SON DAKİKA
SÜPER LİGDEN RESİMLER!..
Süper ligde ilk devre bitti…
Ahım şahım bir futbol izlediğimiz söylenemez.
Bunda şampiyon adayları üç- dört takımımızın, üç kulvarda yarışacak kıvamda olmadıklarını gördük.
Açıkçası şunlar sıralanabilir...
Trabzonspor, artık büyüklük kompleksinden vazgeçmeli. İki yıldır “Takım Olma” yapısından çok uzaklarda. Eski günlerini değil, bugünü düşünmeli. Yoksa bu anafordan kurtulamaz.

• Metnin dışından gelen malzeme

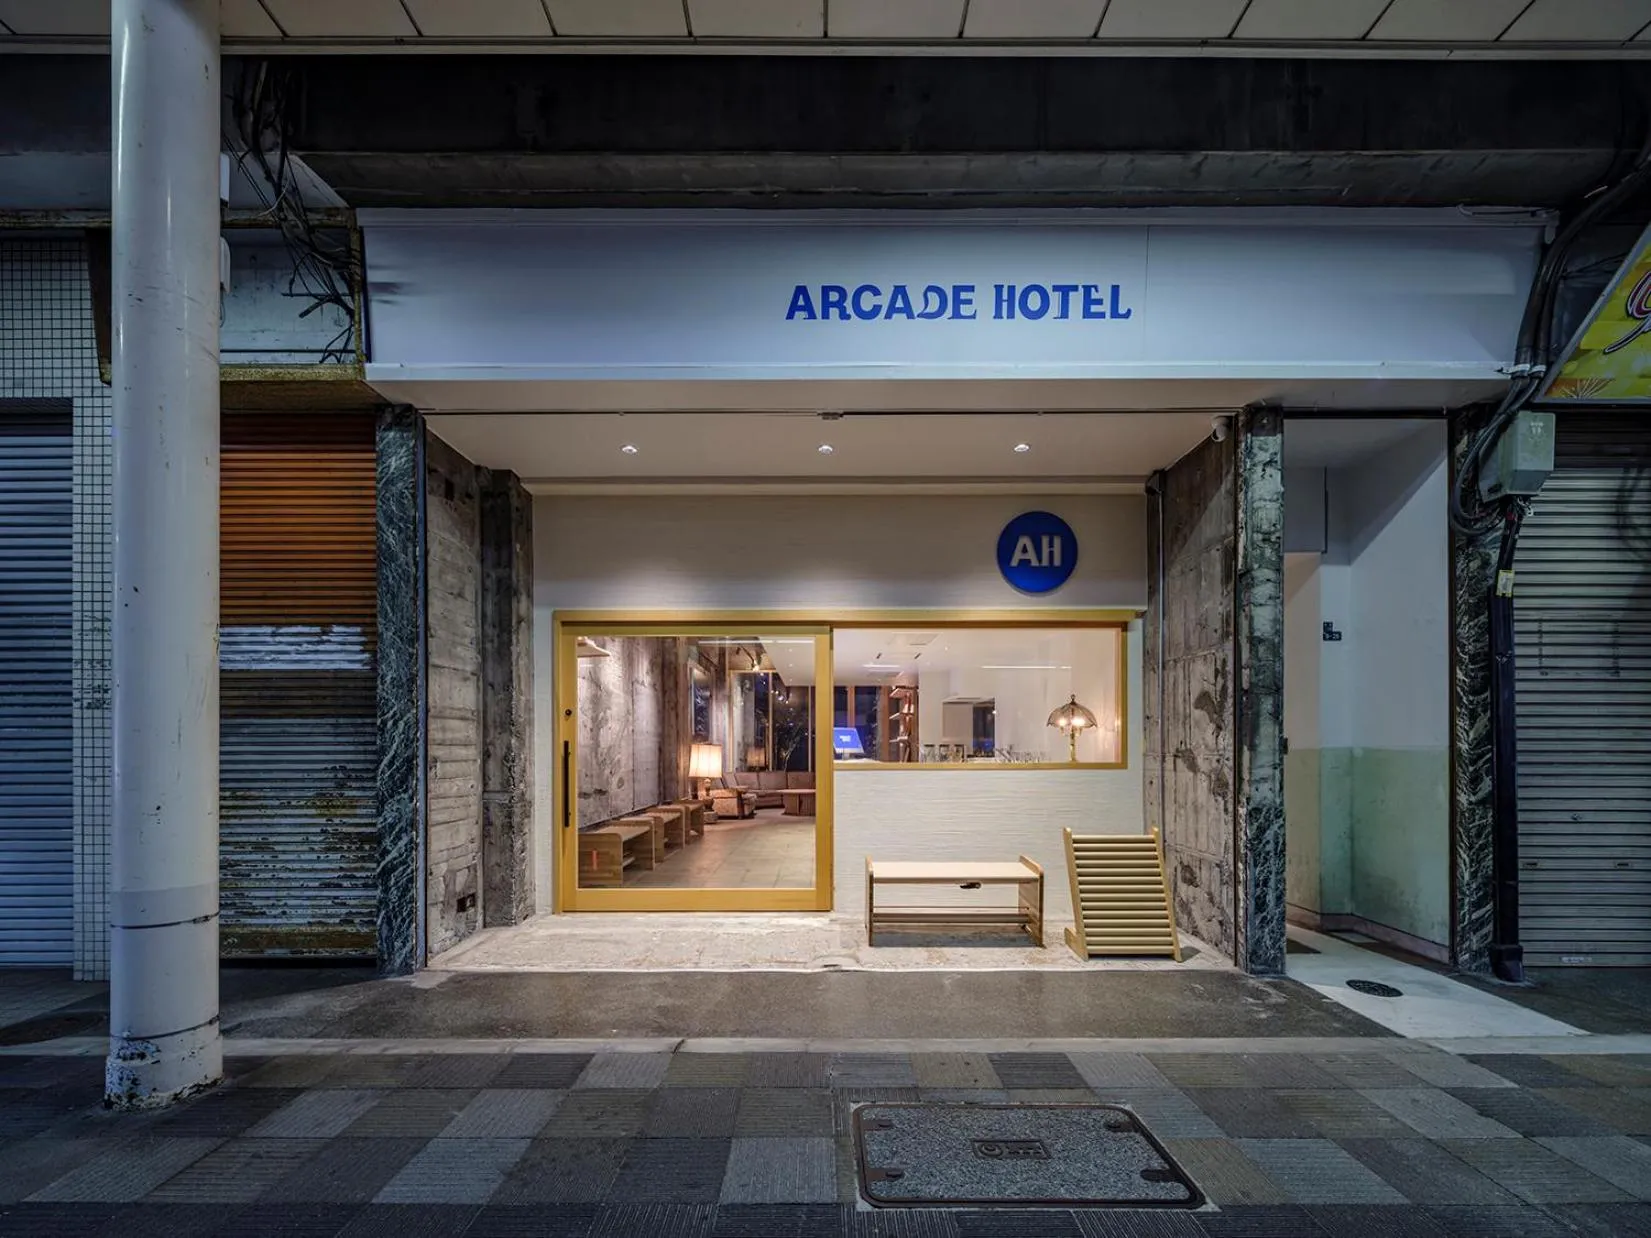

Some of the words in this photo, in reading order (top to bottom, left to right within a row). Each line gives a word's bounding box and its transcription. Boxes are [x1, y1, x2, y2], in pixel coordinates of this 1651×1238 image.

İstanbul’un üçlüsü,100 yıldan fazla şampiyonluğa oynayan takımlarımız da, derbilerde izlediğimiz kadarıyla, şanlarına uygun bir oyun sergileyemediler.
Son Fenerbahçe- Beşiktaş maçında, teknik direktörler korkaktı, oyuncular korkaktı, hakemler korkaktı, seyirciler korkaktı. Bırakın gol atmayı,kaleye şut atmayı bile düşünen kimse yoktu. Hadi kalecilikten gelme Şenol Güneş, zihinsel olarak gol yememeye şartlanmış diyelim, saha kenarında dövüş horozu gibi duran Hollandalı’ya ne demeli? Bu kafayla takımlarımızın Avrupa’da başarılı olması hayaldir. Rest çekmeyi bilmeyen hiçbir oyuncu, hiçbir oyunda kazanma şansı bulamaz.
* * *
Takımlarımızın adları değişti, statlarımızın adları değişti. Yetmedi, formalar renk renk flamalara döndü. En az 15- 20 dakikada alıştığımız renkleri bulabilirseniz bulunuz. Hadi buna da amin diyelim. İstanbul’un marka takımları sekiz, dokuz, on, on bir yabancı ile sahaya çıkarlarsa, biz kimi alkışlayacağız? Adlarını bir yılda öğrenemediğimiz oyuncuları mı? Burada kimse milliyetçilik ayaklarına yatmasın. Biz Fenerbahçe, Beşiktaş, Galatasaray sevdalıları, çocuklarımıza kimleri örnek göstereceğiz? Hangi anımızı ballandıra ballandıra anlatacağız?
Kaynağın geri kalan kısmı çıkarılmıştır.